MAG een christen gokken om te proberen iets voor niets te krijgen? Nee, want Gods Woord moedigt hem aan te werken om in het onderhoud van zichzelf en zijn gezin te voorzien: „’Als iemand niet wil werken, laat hij dan ook niet eten.’ . . . Door rustig te werken [moeten zij] voedsel . . . eten dat zij zelf verdienen.” — 2 Thessalonicenzen 3:10, 12.

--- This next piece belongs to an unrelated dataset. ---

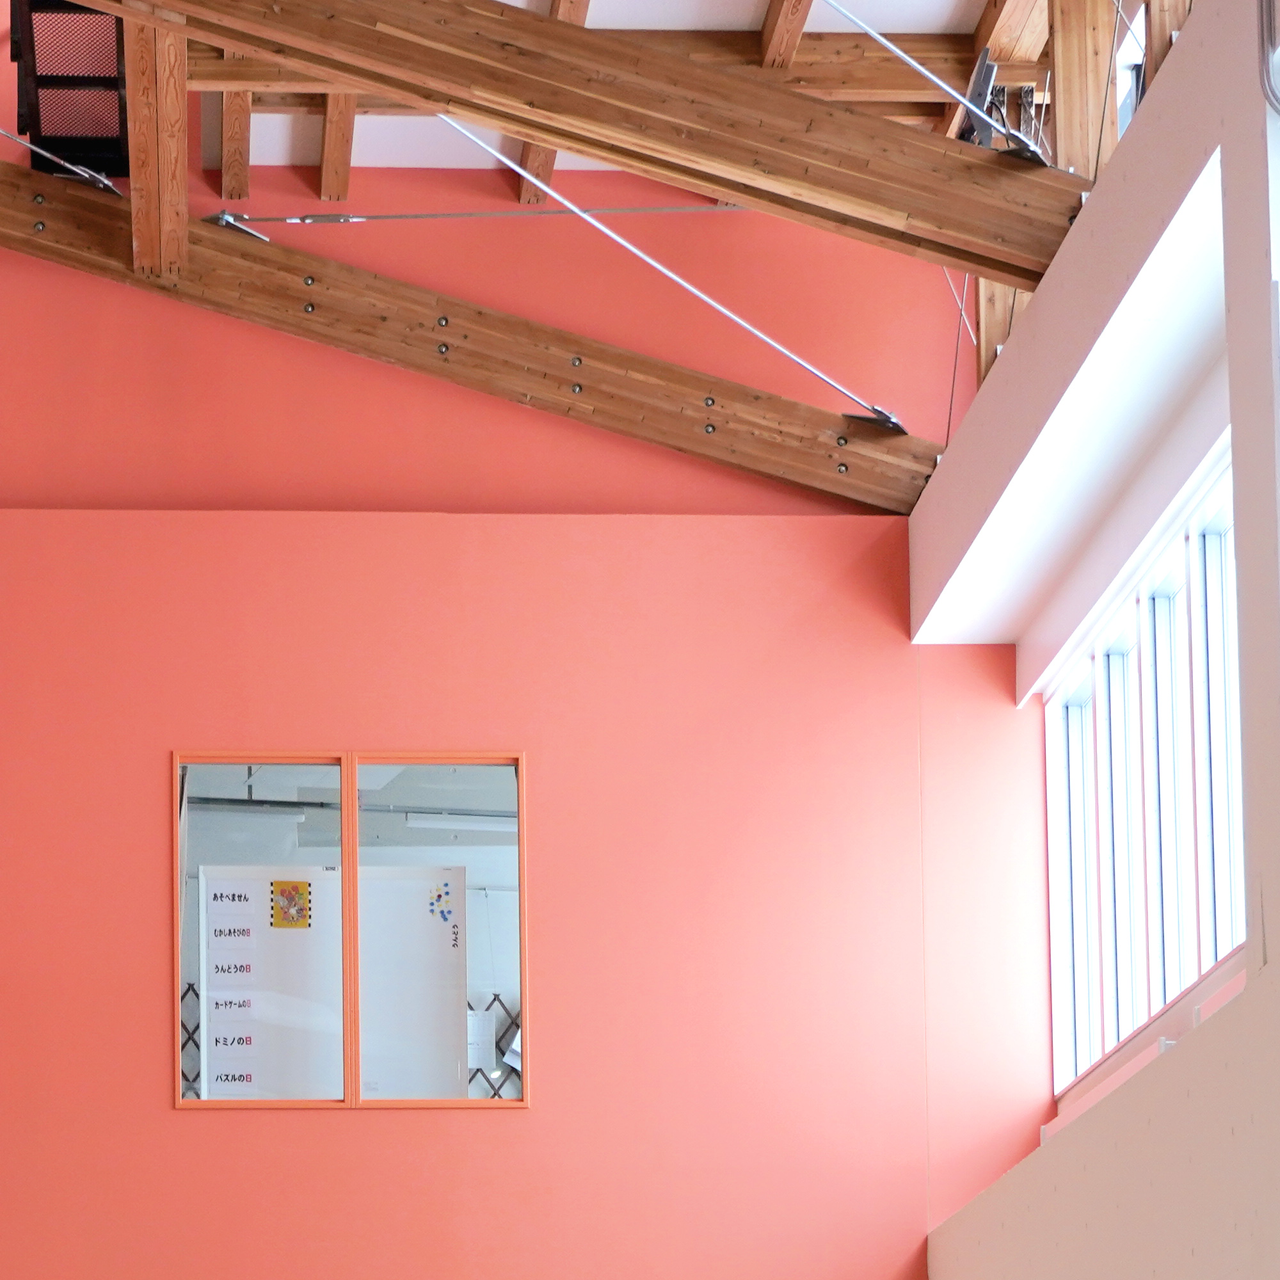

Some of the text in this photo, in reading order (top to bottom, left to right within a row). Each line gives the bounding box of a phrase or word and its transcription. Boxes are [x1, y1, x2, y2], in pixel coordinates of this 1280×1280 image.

[214, 963, 252, 974] うんどうの日
[214, 1036, 252, 1048] ドミノの日

Een socioloog noemde de loterij ’een middel waarmee veel arme mensen enkele mensen rijk maken’, en dat geldt voor gokken in het algemeen. Zou een christen zich willen verrijken ten koste van mensen die zich dat slecht kunnen veroorloven? Christenen moeten ’hun naaste liefhebben als zichzelf’ (Markus 12:31). Maar gokken drijft eerder tot zelfzucht dan tot liefde, eerder tot onverschilligheid dan tot medegevoel.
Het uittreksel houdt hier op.